L'intranquille. Autoportrait d'un fils, d'un peintre, d'un fou, Gérard Garouste (Avec Judith Perrignon), L'iconoclaste, 2009 (Livre de poche, 2011).....
Gérard Garouste est peintre, né en 1946, d'une mère effacée et d'un père marchand de meubles, antisémite, qui hait l'humanité et qui n'a pas hésité a récupérer les biens des juifs pendant la guerre. Sa méthode d'éducation est basée sur la peur. Même pour son fils devenu jeune homme qui a mis du temps à échapper à son emprise. A peine libéré, à vingt-huit ans, Gérard Garouste fait une crise de délire et est hospitalisé. D'autres crises et d'autres internements suivront. Gérard est bi-polaire. La rencontre avec Élisabeth, juive, la naissance de ses garçons, l'amitié indéfectible de quelques hommes rencontrés en pension, la recherche d'une spiritualité, la peinture à travers laquelle il est enfin reconnu, rien n'empêchera ces crises de délire.

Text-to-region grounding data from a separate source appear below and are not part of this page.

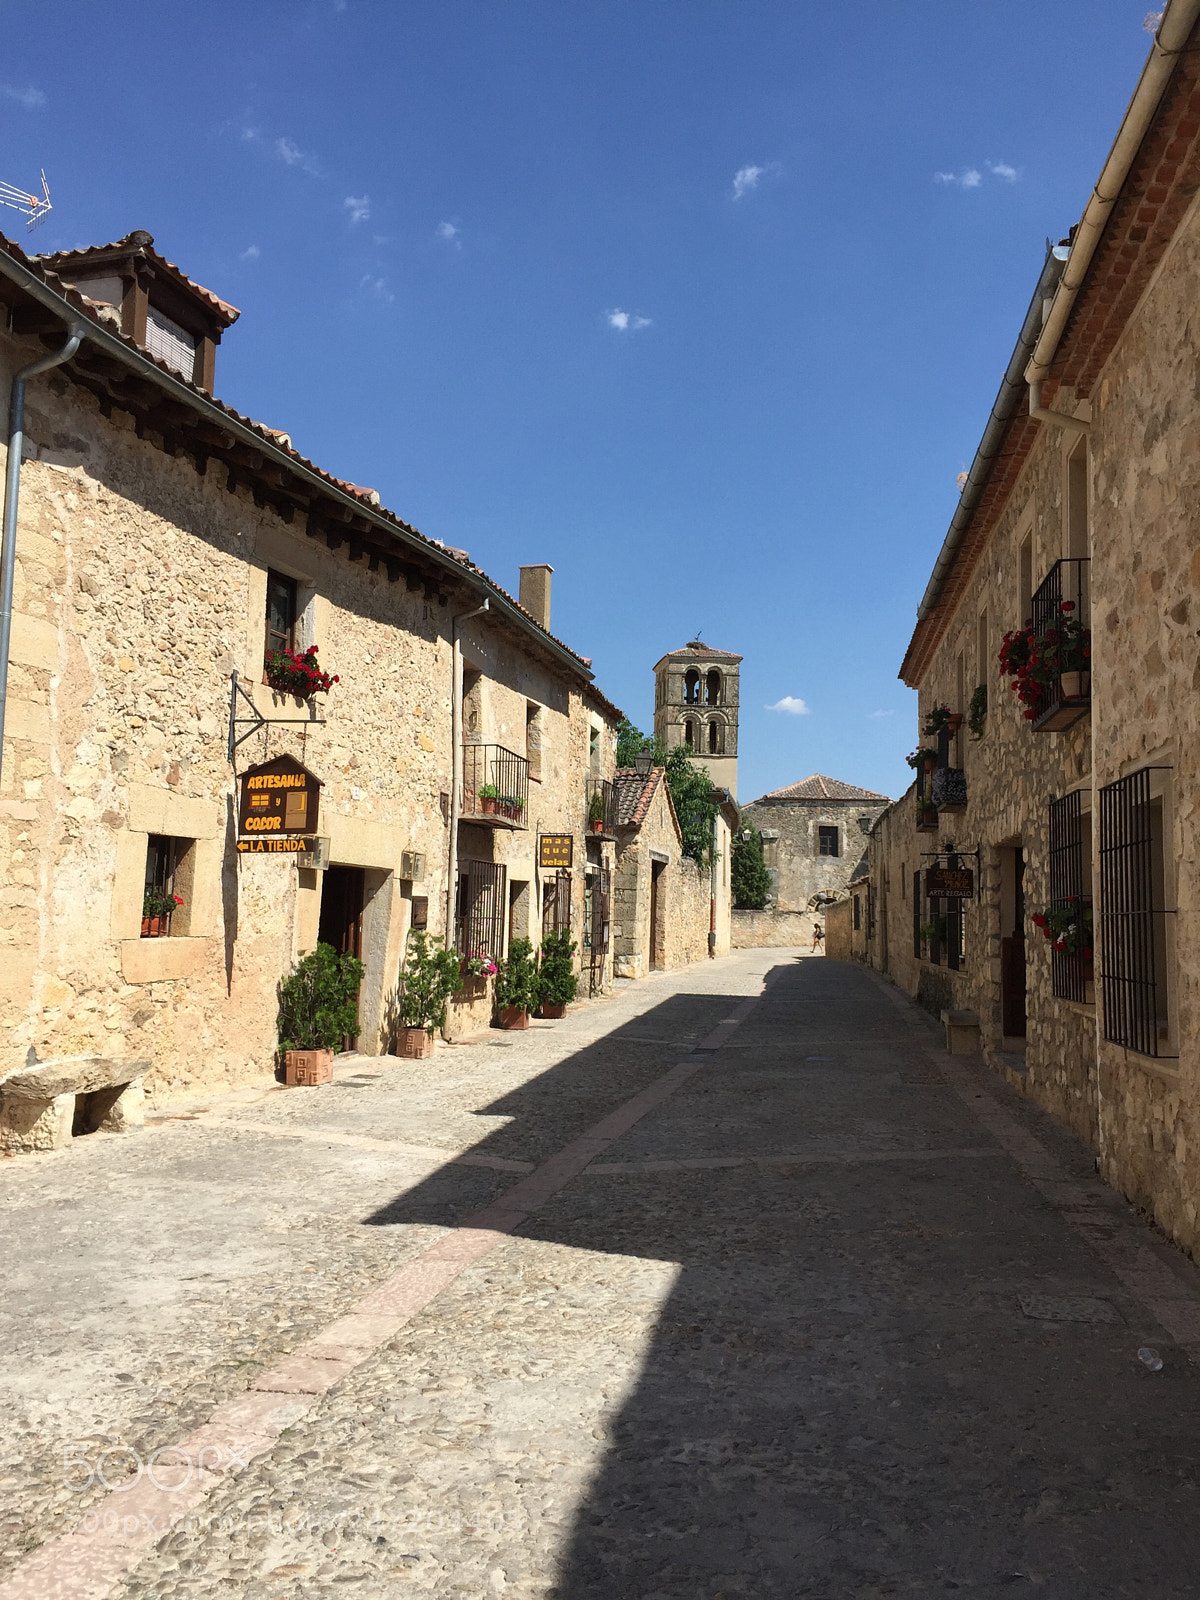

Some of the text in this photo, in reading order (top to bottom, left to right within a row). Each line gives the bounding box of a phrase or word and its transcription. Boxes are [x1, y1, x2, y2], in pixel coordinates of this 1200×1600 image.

[250, 840, 306, 852] LA TIENDA
[543, 847, 569, 855] que
[542, 858, 569, 866] velas
[945, 890, 972, 898] REGALO
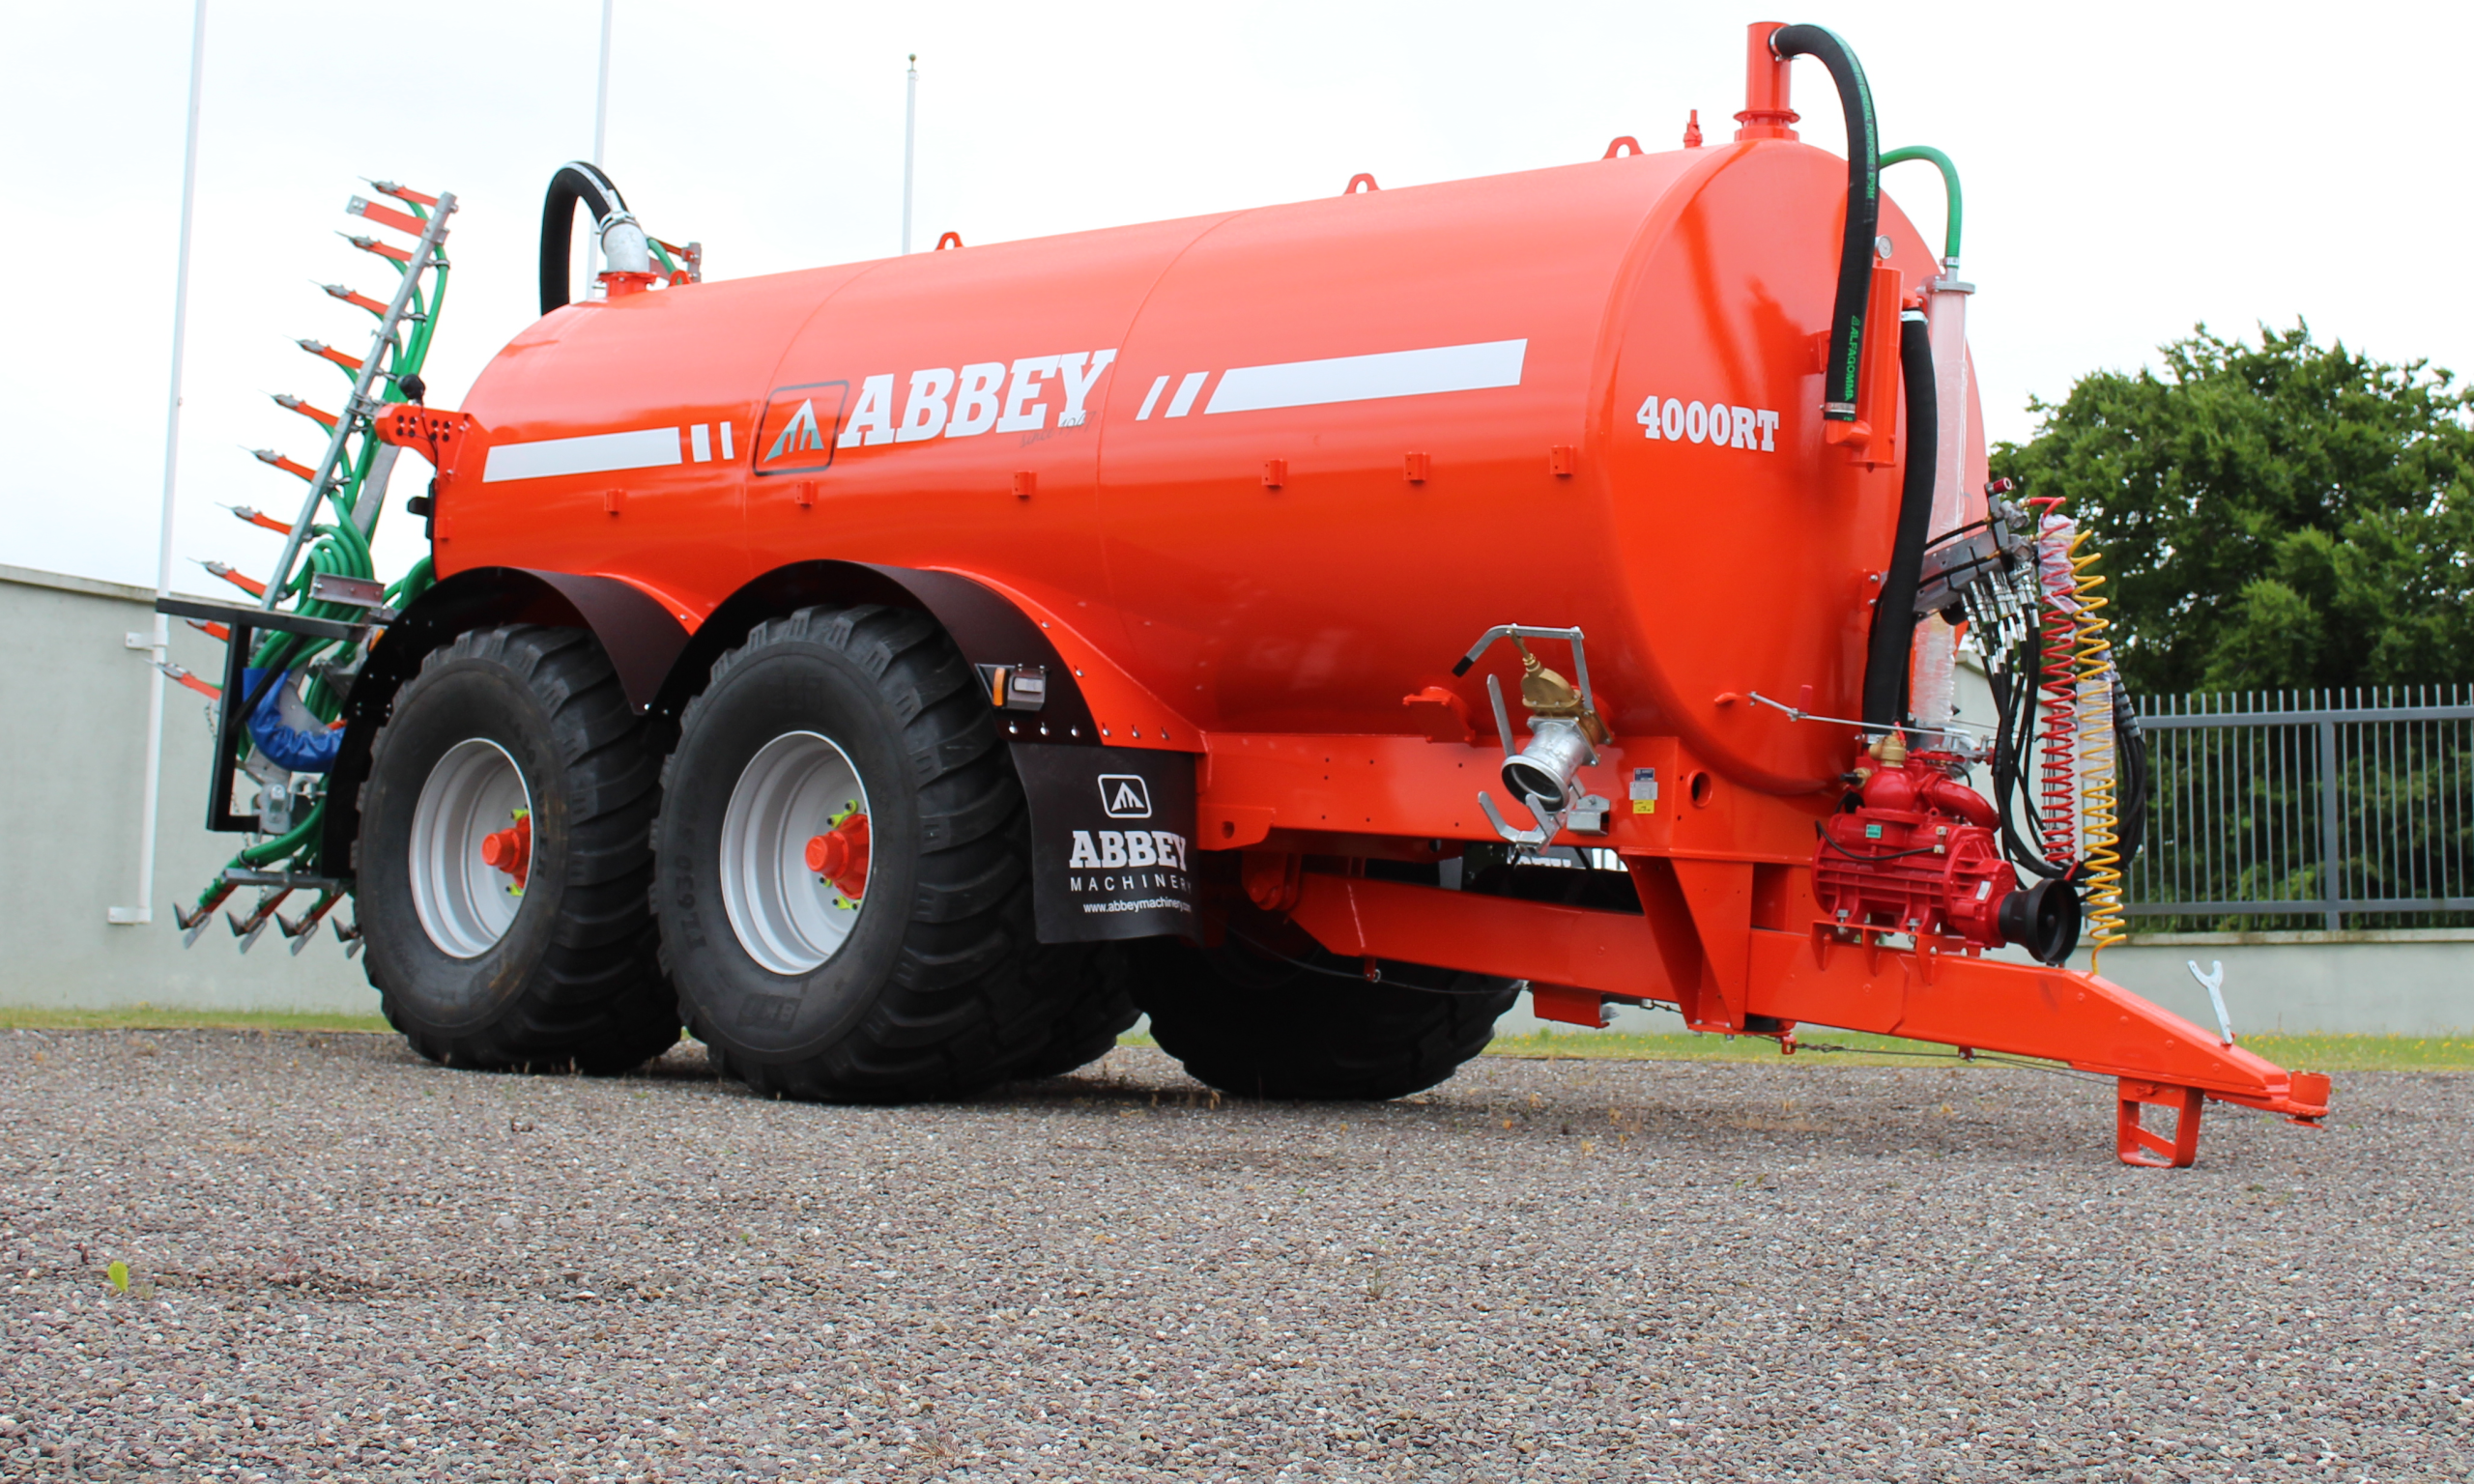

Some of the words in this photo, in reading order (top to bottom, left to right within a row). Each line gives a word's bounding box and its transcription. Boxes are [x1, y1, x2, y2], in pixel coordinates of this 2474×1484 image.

[1859, 85, 1873, 121] GENERAL
[1866, 124, 1875, 163] PURPOSE
[1845, 327, 1858, 402] ALFAGOMMA
[837, 349, 1117, 448] ABBEY
[1636, 395, 1780, 452] 4000RT
[1069, 831, 1187, 871] ABBEY
[1070, 873, 1192, 894] MACHINERY

C'est Aifelle qui m'a suggéré cette lecture dans un commentaire sur mon article concernant le livre de l'un des amis poches de Gérard Garouste, l'un des fameux pensionnaires, Jean-Michel Ribes, Mille et un morceaux. Merci beaucoup, car c'est une lecture forte, que j'ai alourdie de notes, de phrases ou paragraphes soulignés. Le tout début par exemple : "Quand Isabelle, la dame qui s'occupait de lui, m'a appelé en pleurs, je suis parti vers Bourg-la-Reine et la maison de meulière, 15 avenue de Bellevue. Il était dans son lit, la tête posée sur les mains, il semblait dormir tranquillement, en accord avec lui-même. Mais il était mort et j'étais soulagé." (p.11) Plus loin, Gérard Garouste parle un peu de ses ascendants et des secrets de famille qui plombent les générations suivantes. Son père, né en 1919 héritier des magasins de meubles Garouste et fils qui profitera de la guerre : "Il n'avait pas pu faire héros. Alors il avait fait salaud. Son éducation de bon catholique l'y préparait. Il appartenait à un monde d'illusions et de certitudes, où les Juifs avaient une sale réputation." (p.25)
Gérard Garouste revient sur son enfance, la peur qu'inspirait son père, sa haine des juifs et sa misanthropie de manière générale. Son sauvetage, il le doit à plusieurs causes : la peinture, l'amour d'Élisabeth qui deviendra sa femme et les livres. Pas n'importe lesquels : La divine comédie de Dante, puis plus tard le Talmud et la Torah. Il apprend l'hébreu, discute avec des rabbins : "Et sans le voir je dérivais doucement vers ce monde juif obscur et malin, dont on m'avait appris à me méfier." (p.75) Beaucoup de pages sur l'antisémitisme de son père et sur son apprentissage de ce que sont les juifs jusqu'à en presque épouser la religion, comme pour contrebalancer la haine du père.
Le livre est aussi une belle réflexion sur la peinture, la création, l'argent qui entoure l'art et sur Picasso qui "a cassé le jouet... Il avait cannibalisé, brisé la peinture, ses modèles, ses paysages, et construit une œuvre unique... Il a rendu classique tout ce qui viendrait après lui. Il est la peinture et son aboutissement. Que faire après lui ? Et Marcel Duchamp qui venait de mourir ? On était en 1968, et nul n'a voulu voir, alors, que la révolution de l'art était terminée, Duchamp en était le point final. Il avait renoncé à la peinture, décrété l'objet comme œuvre et l'artiste celui qui regarde. Il avait joué avec notre mémoire, notre culture, notre rétine et avait poussé si loin le défi, que tout avait été fait et défait." (p.61/62)
Et puis la folie, les crises de délire fortes, la maladie qui effraie son entourage, ses fils particulièrement : "Selon les époques, les mots me concernant ont changé : on m'a dit maniaco-dépressif ou bipolaire... Un siècle plus tôt, on aurait juste dit fou. Je veux bien." (p.88) Les séjours à Sainte-Anne, la camisole chimique, les retours et les rechutes...
Une histoire poignante, sincère et directe, pas de détours, de paraphrases pour expliquer ceci ou cela, le récit est brut, franc, ce qui explique aussi sa relative et bienvenue brièveté (156 pages en poche). Une vie pas commune, pas particulièrement joyeuse, mais pas écrite pour faire pleurer ou pour s'apitoyer, sans doute pour donner quelques explications aux toiles du peintre, car toute sa vie est dans sa peinture ainsi qu'il l'écrit.
Un texte dense et bouleversant des titres et sous-titre jusqu'à la fin, sans doute comme les toiles du peintre que j'avoue ne pas bien connaître, seulement par mes recherches sur Internet.